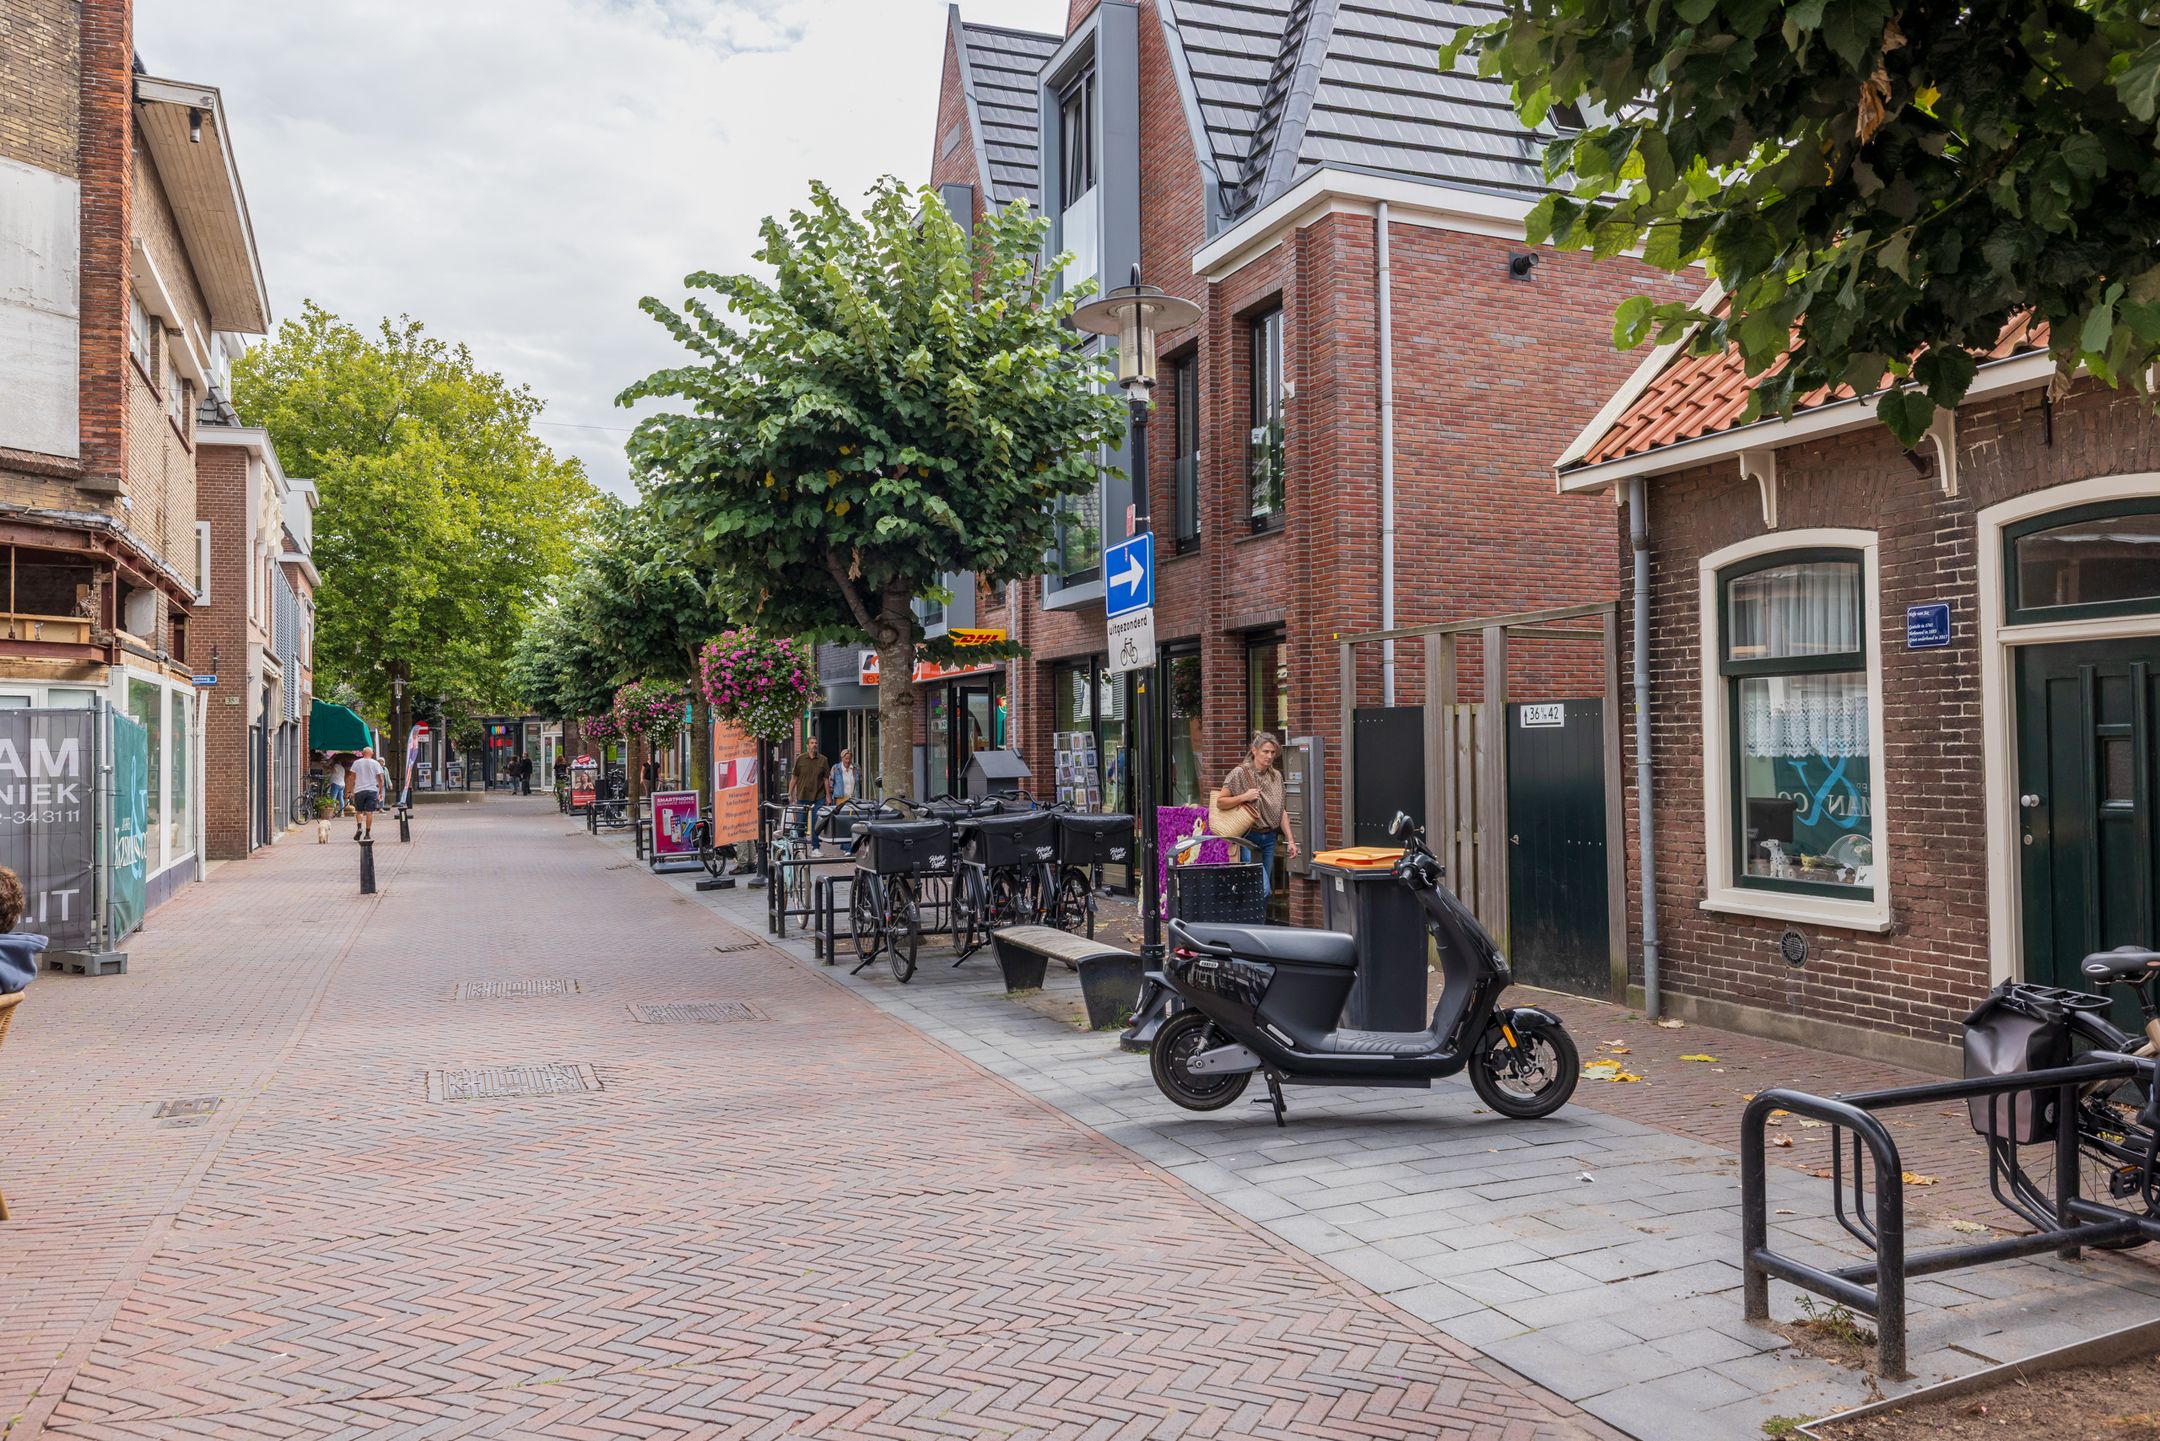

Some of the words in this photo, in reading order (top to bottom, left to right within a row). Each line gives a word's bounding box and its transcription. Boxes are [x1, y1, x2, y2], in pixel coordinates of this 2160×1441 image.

[1108, 615, 1148, 637] uitgezonderd
[1530, 706, 1540, 720] 36
[1548, 706, 1559, 719] 42
[0, 738, 79, 777] AM
[0, 783, 80, 805] NIEK
[17, 889, 80, 923] .IT
--------------------------------------------------
Could you set down the data exactly as given, minus its pictures?

Some of the words in this photo, in reading order (top to bottom, left to right within a row). Each line gives a word's bounding box and its transcription. Boxes are [x1, y1, x2, y2], in pixel coordinates of this 2160×1441 image.

[1108, 615, 1148, 637] uitgezonderd
[1530, 706, 1540, 720] 36
[1548, 706, 1559, 719] 42
[0, 738, 79, 777] AM
[0, 783, 80, 805] NIEK
[17, 889, 80, 923] .IT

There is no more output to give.